For plants i have dwatf hair grass, java fern, water wysteria, telanthera cardinalis, and amazon sword. my question is how much light should i run. I have a dual 18" t5ho setup at 6500k. I was running just one bulb 18w 6 hours a day before co2. Now that i have co2 i run one bulb at 8 hours a day. Would it b OK to run both bulbs 36w? Maybe like 6 hours a day? i also have 6 root tabs in and use api leaf zone water fert. The only plant that pearls is the cardinalis.. And should i do water changes before or after the light cycle??

Im fairly new to the planted tank thing so if u see anything I should change let me know. Thanks for any help.


----------



## fml123denney (Jan 10, 2013)

Also how far above my tank should I keep these lights? I have a glass top if that makes any difference. Its a standard 10 gal. I think 10x20x12.


----------



## Gizmo (Dec 6, 2010)

You can go with the full 36W for 8 hours, if you'd like. When I had DIY CO2 on my ten gallon, I ran a 48W 24" T5HO fixture over it for 12 hrs a day and got great plant growth and pearling on my riccia fluitens. Only reason I didn't have algae was because there were about a hundred RCS in there that munched on everything.


----------



## fml123denney (Jan 10, 2013)

Awesome thank you. Should I leave the fixture right on the glass or raise it up? My water wysteria looks like the leaves are twisting. Idk if that is just a trait of the plant tho?? Growing plants almost more fun than raising the fish lol


----------



## Gizmo (Dec 6, 2010)

I would raise it, heat buildup with a T5HO is a force to be reckoned with. Wisteria leaves grow in different based on your water parameters. Give it some extra light and see what happens.

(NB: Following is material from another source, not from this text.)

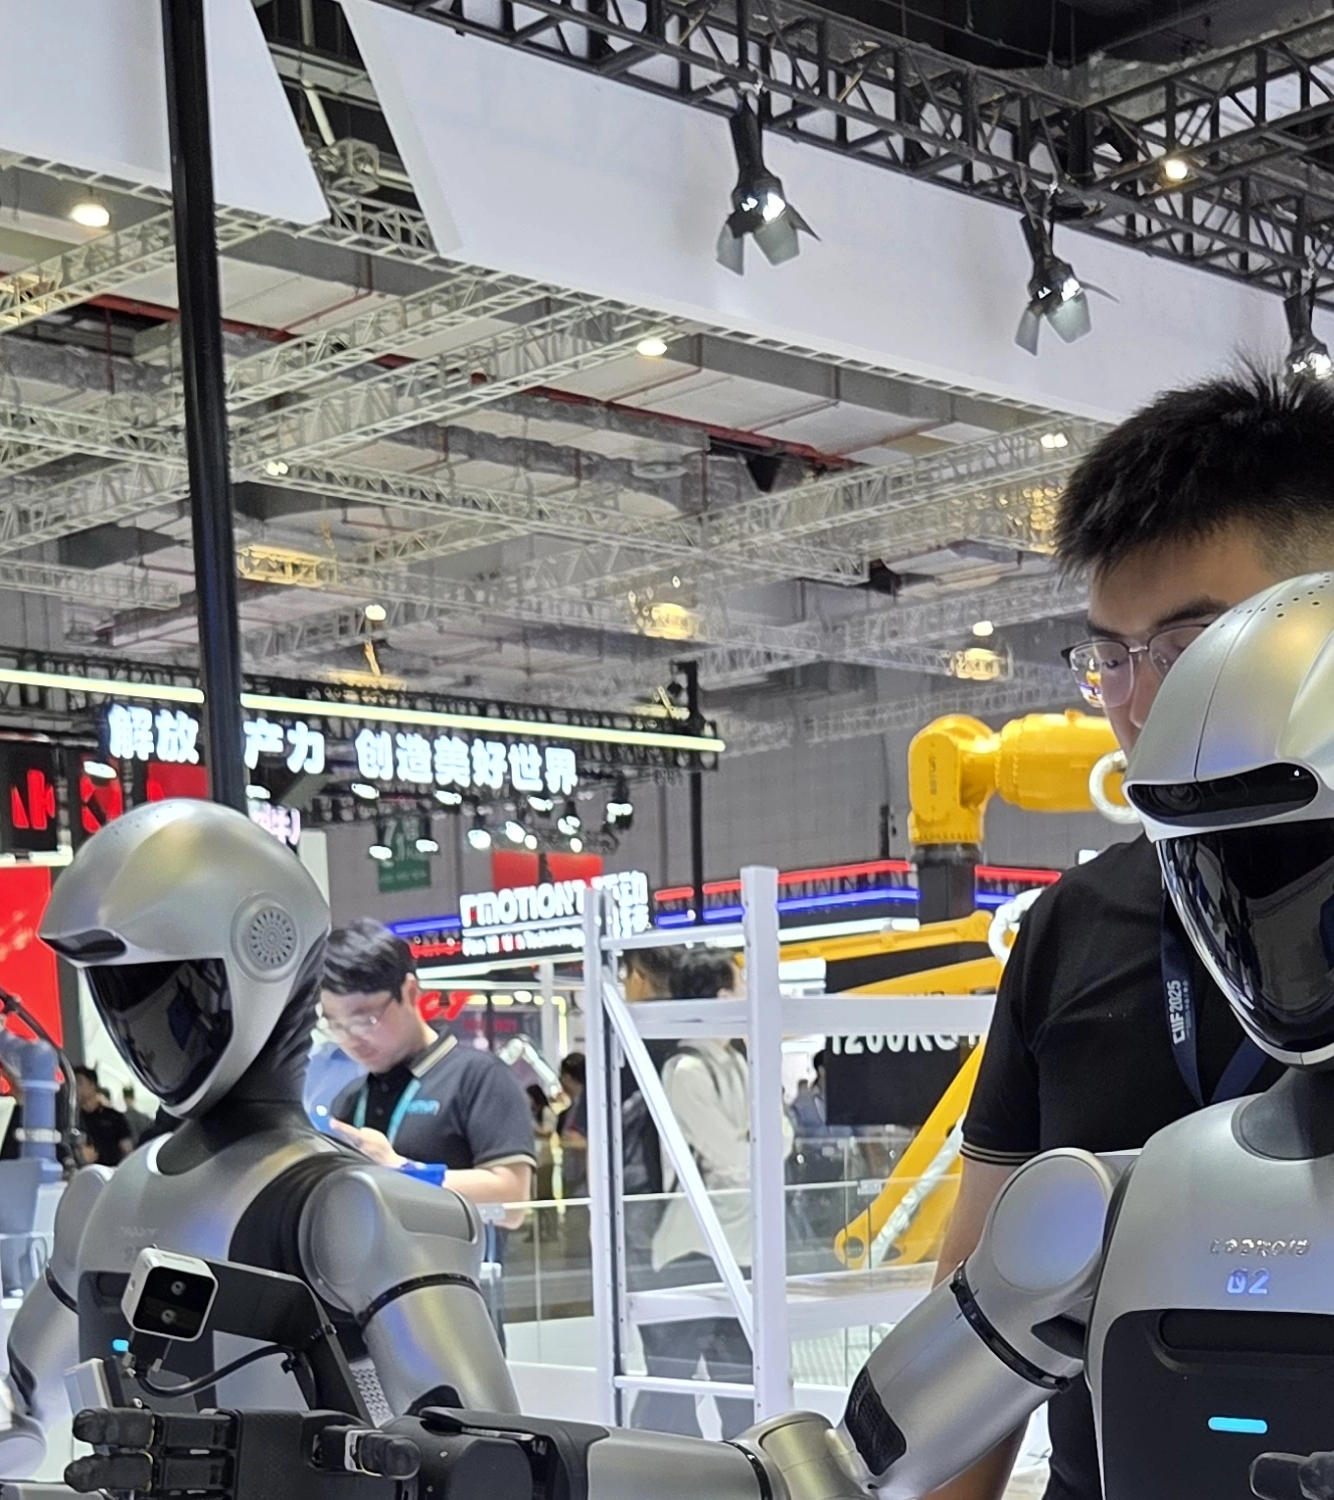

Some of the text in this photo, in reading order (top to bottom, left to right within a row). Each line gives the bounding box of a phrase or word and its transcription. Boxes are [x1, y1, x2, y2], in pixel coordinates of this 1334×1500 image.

[108, 703, 578, 795] 解放产力 创造美好世界
[1167, 980, 1185, 1044] CIIF 2025

For my own posterity - you're not running DIY CO2 and an air system at the same time, are you? That totally defeats the purpose of the CO2, if you're doing that.


----------



## fml123denney (Jan 10, 2013)

No I turn off air about an hour before lights come on and I turn it on when I go to bed about 11 ish. How high do you recommend I raise it? 2-3"?


----------



## Gizmo (Dec 6, 2010)

You can raise it less than an inch if you want. Just don't block it up with anything flammable, like wood.


----------



## fml123denney (Jan 10, 2013)

OK yeah I just put two plastic rods under it. I'm trying to upload a pic of my tank but can't remember my photo bucket account.


----------



## fml123denney (Jan 10, 2013)

[/IMG]


----------



## Gizmo (Dec 6, 2010)

Sweet tank


----------



## jrman83 (Jul 9, 2010)

For that much wattage, you may also need to look into using ferts. Higher the light, higher the need for them. Google esitmative index (EI)...it will give you a good starting basis.


----------



## fml123denney (Jan 10, 2013)

jrman83 said:


> For that much wattage, you may also need to look into using ferts. Higher the light, higher the need for them. Google esitmative index (EI)...it will give you a good starting basis.

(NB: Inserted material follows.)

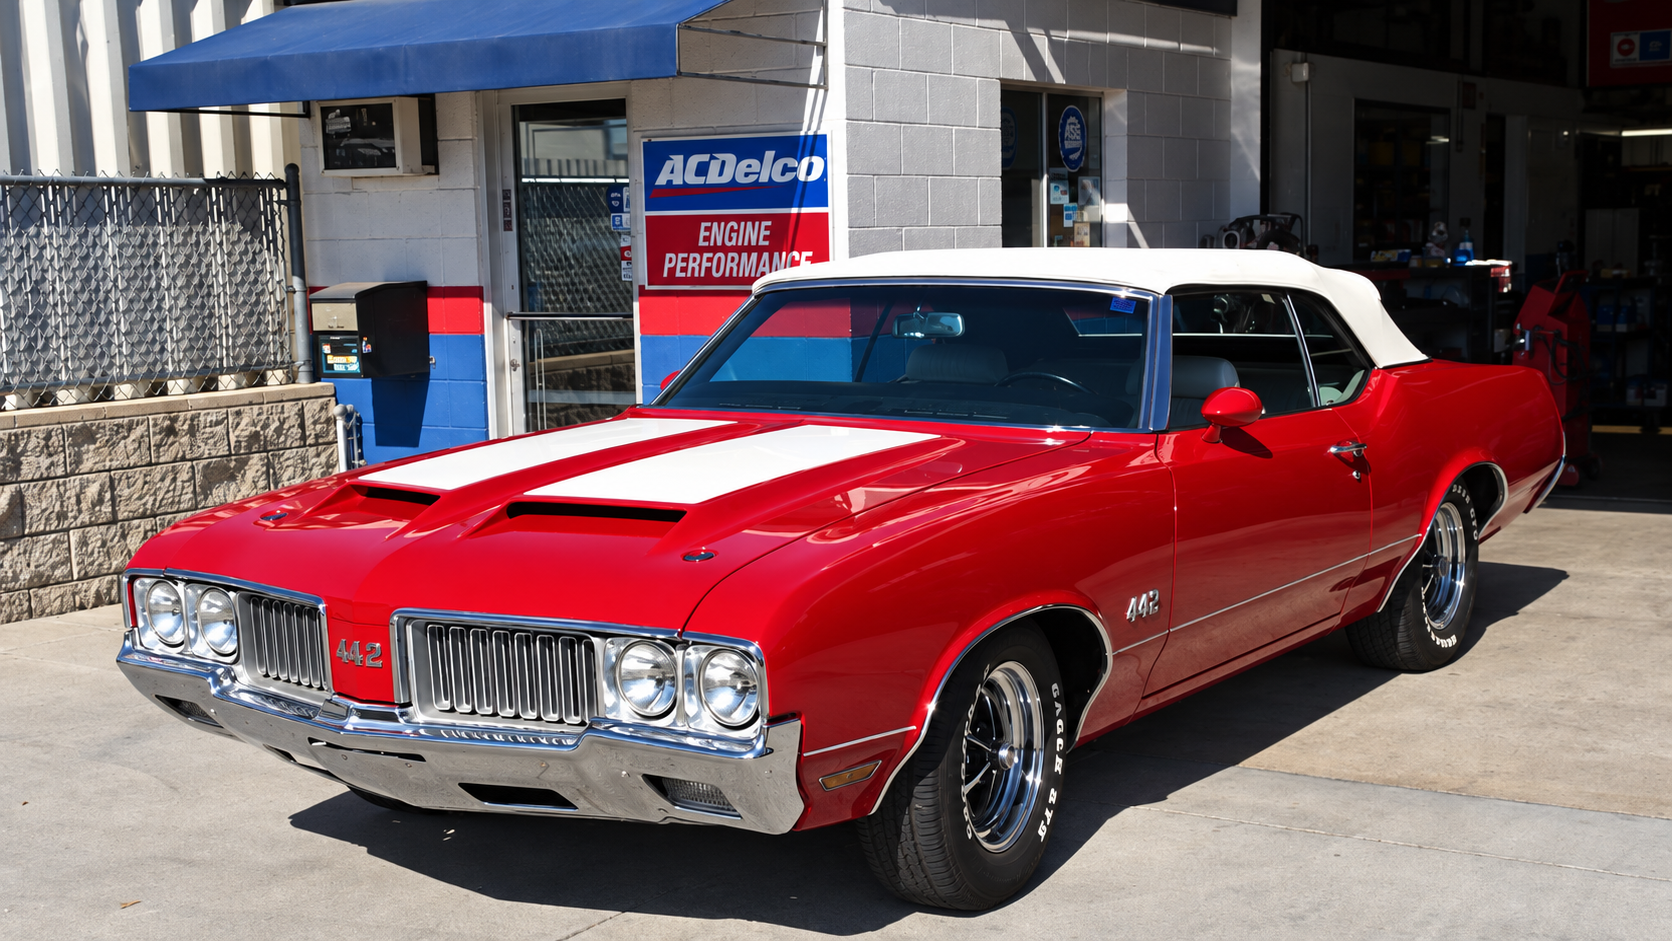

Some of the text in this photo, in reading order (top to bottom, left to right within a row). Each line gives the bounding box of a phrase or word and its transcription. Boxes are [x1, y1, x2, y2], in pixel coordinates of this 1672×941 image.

[655, 150, 825, 186] ACDelco
[698, 220, 772, 247] ENGINE
[1125, 589, 1159, 623] 442
[336, 638, 383, 668] 442

I use api root tabs and I dose with the api leaf zone liquid fert every third day after my 10% water changes. 

Are you suggesting i use the dry ferts? I looked at the macro/micro at aquariumfertilizer.com but was unsure about measuring and dosing so i passed.. i will have to research that some more if u think it would help...


And also another question for gizmo..... Should i have more than 2 ghost shrimp and one mystery snail for a 10 gal?? I saw you said you have 80 shrimp... Should i up it to maybe 10 or 15 and another snail or two to combat the algae??? I dont have any yet but have only had lights running for a week now.


----------



## James0816 (Jun 19, 2009)

The single bulb alone will be more than enough light for the 10g. I run several high tech 10g tanks. And based on your plants, you really don't need the extra light.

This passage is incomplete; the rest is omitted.